Have you ever wondered about what animals and plants live in a National Park? The National Park Service publishes data about all recorded species. These data are collected by the NPS and we downloaded the dataset for use in this blog from kaggle. While these data are from a reliable source, there are some caveats. There are some duplicate observations because of rapidly changing taxonomic (species) naming trends and some species are actually extinct (observations have been made of their remains). Data on some threatened or endangered species is removed from this dataset if it could contribute to their decline or threaten them in any way.

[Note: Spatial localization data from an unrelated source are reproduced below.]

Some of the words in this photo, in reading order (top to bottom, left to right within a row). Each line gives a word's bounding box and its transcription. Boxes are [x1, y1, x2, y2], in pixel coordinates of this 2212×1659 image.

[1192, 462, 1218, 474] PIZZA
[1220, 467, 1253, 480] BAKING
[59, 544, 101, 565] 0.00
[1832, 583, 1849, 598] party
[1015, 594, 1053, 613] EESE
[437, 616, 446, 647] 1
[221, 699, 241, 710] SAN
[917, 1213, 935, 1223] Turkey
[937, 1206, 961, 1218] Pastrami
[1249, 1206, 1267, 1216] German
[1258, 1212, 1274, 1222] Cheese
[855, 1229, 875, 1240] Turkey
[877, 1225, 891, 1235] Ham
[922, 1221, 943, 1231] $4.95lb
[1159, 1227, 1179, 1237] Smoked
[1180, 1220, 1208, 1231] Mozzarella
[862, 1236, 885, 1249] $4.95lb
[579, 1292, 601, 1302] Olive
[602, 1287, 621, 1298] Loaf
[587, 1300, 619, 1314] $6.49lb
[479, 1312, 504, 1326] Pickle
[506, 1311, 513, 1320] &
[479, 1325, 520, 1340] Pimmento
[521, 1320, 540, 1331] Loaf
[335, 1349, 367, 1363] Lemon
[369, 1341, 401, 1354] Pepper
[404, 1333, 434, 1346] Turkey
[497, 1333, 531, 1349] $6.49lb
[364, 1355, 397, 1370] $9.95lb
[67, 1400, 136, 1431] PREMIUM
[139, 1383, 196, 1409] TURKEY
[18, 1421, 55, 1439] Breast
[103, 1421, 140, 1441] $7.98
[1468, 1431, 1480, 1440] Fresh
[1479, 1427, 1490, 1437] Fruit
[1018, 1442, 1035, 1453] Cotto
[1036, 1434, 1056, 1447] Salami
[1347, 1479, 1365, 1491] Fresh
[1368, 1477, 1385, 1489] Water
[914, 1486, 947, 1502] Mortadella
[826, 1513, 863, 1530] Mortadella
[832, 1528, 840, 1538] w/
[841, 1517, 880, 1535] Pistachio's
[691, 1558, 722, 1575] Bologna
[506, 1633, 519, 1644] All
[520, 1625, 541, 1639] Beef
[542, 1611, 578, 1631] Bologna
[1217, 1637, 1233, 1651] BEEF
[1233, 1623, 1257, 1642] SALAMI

In this post we are interested in asking the question: “How does species diversity differ between National Parks?” In other words, we are interested in finding out how the number of species changes from park to park. We will explore this question using the ggplot2, treemap, fmsb, and igraph packages. While all of these packages will be useful in determining the species diversity in different National Parks, some may be more useful than others. Ggplot2 is a commonly used graphing package with broad applications. However, it does not have the specific capabilities of treemap, fmsb, or igraph. The purpose of this post is to compare these packages in the context of examining species diversity to determine which ones are most useful and how their functionalities complement one another.
#csv read ins and column renameing
park_dat <- read_csv("~/Fun_graphs/_posts/2021-03-07-mini-project-2-instructions/data/parks.csv")
species_dat <- read_csv("~/Fun_graphs/_posts/2021-03-07-mini-project-2-instructions/data/species.csv")
#lol species is HUGE
park_dat <- park_dat%>%
rename(
Park_name = 'Park Name',
Park_code = 'Park Code'
)
species_dat <- species_dat %>%
rename(
Park_name = 'Park Name',
Sci_name = 'Scientific Name',
Record_status = 'Record Status',
Common_name = 'Common Names',
Conservation_status = 'Conservation Status',
Species_ID = 'Species ID'
)
# A tibble: 0 x 19
# … with 19 variables: Species_ID <chr>, Park_name <chr>,
# Category <chr>, Order <chr>, Family <chr>, Sci_name <chr>,
# Common_name <chr>, Record_status <chr>, Occurrence <chr>,
# Nativeness <chr>, Abundance <chr>, Seasonality <chr>,
# Conservation_status <chr>, X14 <lgl>, Park_code <chr>,
# State <chr>, Acres <dbl>, Latitude <dbl>, Longitude <dbl>
#nice
count_park <- full_dat_1 %>% count(Park_name)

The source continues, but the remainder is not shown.